Convert Your Study Notes to PDF for Finals (Markdown, HTML, Images — All in One)
Finals start April 27. Convert scattered study notes — Markdown, HTML, lecture screenshots, handwritten scans — into organized PDF study guides. Free, local, no uploads.
TL;DR
Finals season starts April 27 and your notes are everywhere — Markdown files, HTML exports, lecture screenshots, handwritten scans. Convert: Anything to PDF converts and merges all of them into organized PDF study guides, entirely on your device with no uploads or accounts.
Your notes are scattered. Finals are not.
Finals week does not care that your Organic Chemistry notes live in three different apps, two Markdown files, and a folder of lecture screenshots you took on your phone. The exam covers all of it, and you need all of it in one place.
This is the universal student problem as finals approach: notes are fragmented across formats, apps, and devices. The student who can consolidate everything into a single, organized document has a real advantage — not just for studying, but for reducing the cognitive overhead of switching between twelve browser tabs and four apps during a review session.
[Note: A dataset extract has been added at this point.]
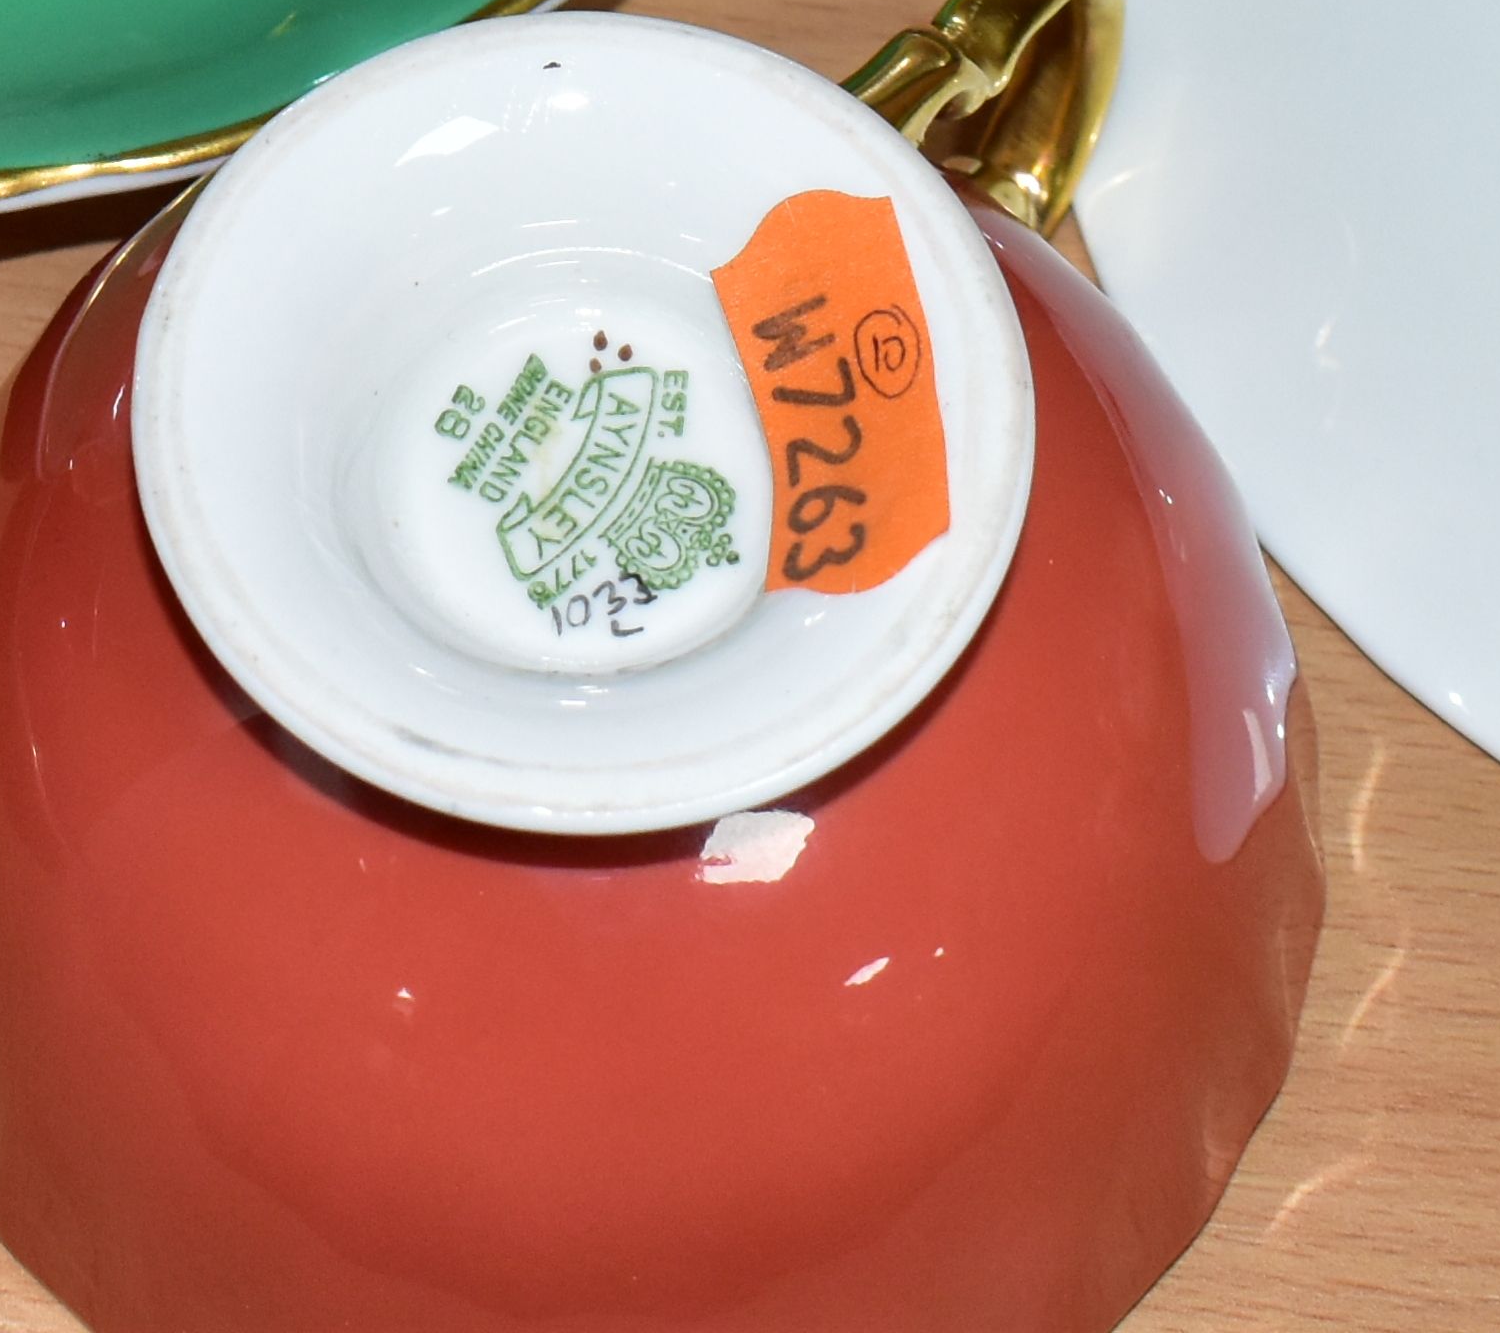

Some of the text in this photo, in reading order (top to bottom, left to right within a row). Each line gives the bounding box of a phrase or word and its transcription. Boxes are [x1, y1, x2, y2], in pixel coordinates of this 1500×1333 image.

Where student notes actually live in 2026
The modern student's notes are not in one neat notebook. They are distributed across:
Markdown files — If you use Obsidian, Notion (exported), Logseq, Typora, or even VS Code for note-taking, your notes are in Markdown (.md) format. These files contain headers, bullet points, code blocks, and formatted text — but they are not directly printable or shareable as polished documents.
HTML exports — Many note-taking apps and LMS platforms export as HTML. Canvas, Blackboard, and Google Docs all produce HTML output. These files preserve formatting but are awkward to read outside a browser.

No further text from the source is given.